Mojo - The Music Magazine

Features Disc of the day

Black Mountain
Wilderness Heart



Former Vancouver care workers create rock mysticism.

Black Mountain

It's not easy to make Sabbath-style proto-metal sound fresh, but Black Mountain have a way of writing songs that go to the places you hope they will without descending into cliché. Huge riffs, spooky organ sounds, tight drumming and twinned male/female vocals from Stephen McBean and Amber Webber work to make songs like Old Fangs and Wilderness Heart heavy psychedelic classics with one foot in the early 70s, while tender ballads (The Space Of Your Mind) and expansive epics (Sadie) show a range that goes beyond mere denim-clad revisionism.

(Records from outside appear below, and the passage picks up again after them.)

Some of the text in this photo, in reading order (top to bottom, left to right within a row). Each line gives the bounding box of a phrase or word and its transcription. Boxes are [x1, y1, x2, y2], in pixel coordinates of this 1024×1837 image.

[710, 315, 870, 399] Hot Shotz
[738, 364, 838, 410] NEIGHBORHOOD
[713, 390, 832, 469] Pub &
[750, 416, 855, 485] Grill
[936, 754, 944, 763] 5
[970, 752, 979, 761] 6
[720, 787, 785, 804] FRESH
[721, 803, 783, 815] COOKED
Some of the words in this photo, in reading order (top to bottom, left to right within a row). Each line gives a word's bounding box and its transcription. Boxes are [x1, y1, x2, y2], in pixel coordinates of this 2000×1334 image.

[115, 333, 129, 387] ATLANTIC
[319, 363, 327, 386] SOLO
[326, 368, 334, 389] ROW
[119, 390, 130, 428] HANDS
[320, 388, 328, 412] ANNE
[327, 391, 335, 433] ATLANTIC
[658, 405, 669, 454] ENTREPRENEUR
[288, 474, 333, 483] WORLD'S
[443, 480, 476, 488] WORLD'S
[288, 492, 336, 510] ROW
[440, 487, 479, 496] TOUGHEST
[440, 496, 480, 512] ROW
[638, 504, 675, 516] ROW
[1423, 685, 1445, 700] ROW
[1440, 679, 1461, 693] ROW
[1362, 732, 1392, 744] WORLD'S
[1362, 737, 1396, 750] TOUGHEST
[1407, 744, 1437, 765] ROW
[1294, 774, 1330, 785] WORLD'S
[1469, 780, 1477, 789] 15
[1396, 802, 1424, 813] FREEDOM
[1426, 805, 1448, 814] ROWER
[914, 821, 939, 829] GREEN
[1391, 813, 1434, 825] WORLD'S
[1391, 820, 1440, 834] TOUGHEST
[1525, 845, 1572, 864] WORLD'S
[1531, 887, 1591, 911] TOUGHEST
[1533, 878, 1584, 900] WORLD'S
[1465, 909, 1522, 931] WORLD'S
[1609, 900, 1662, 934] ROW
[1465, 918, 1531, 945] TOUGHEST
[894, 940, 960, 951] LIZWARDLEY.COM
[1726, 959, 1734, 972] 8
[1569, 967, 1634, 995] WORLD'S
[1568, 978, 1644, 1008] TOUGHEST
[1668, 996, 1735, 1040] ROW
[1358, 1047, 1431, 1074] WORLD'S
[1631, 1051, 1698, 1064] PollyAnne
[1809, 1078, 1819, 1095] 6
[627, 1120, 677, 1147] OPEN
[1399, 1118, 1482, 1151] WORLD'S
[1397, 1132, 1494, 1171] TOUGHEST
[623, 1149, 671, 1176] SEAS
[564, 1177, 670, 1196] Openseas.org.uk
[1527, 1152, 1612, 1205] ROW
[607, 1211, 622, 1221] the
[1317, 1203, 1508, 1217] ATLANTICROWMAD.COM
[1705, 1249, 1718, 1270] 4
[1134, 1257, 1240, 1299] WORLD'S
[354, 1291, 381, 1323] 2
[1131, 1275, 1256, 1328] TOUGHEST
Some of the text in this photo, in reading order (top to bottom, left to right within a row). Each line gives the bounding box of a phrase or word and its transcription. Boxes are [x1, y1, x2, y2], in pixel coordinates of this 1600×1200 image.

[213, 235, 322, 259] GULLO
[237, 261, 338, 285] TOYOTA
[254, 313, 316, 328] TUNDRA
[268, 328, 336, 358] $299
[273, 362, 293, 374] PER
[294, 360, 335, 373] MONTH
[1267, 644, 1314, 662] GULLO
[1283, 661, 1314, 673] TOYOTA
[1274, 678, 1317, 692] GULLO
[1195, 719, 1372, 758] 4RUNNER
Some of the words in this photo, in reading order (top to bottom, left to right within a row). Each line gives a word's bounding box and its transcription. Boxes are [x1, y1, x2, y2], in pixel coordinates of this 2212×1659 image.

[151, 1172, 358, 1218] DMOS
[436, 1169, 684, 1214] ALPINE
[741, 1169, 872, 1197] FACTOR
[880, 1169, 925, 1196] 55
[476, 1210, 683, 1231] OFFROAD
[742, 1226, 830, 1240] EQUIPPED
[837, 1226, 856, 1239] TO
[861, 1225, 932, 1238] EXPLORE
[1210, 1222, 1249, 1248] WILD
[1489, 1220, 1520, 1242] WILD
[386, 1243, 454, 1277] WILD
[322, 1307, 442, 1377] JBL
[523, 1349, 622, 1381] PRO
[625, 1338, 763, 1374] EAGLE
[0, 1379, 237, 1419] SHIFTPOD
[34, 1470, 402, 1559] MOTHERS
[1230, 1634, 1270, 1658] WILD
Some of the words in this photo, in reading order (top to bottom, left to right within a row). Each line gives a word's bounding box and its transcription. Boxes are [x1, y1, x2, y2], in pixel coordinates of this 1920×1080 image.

Perhaps because three of the band until recently worked in a Vancouver homeless shelter, but there's a lack of pretentiousness and egotism here that makes the music great. Black Mountain sound like they are in thrall to a power greater than themselves: all the cool stuff that has gone before them. The result is an inspiring, triumphant album.

Will Hodgkinson

Posted by Ross_Bennett at 6:00 AM GMT 28/01/2011

Further Listening

Black Mountain - In The Future (Jagjaguwar, 2008)

Wolf Parade - Expo 86 (Sub Pop, 2010)

Jethro Tull - Heavy Horses (Island, 1978)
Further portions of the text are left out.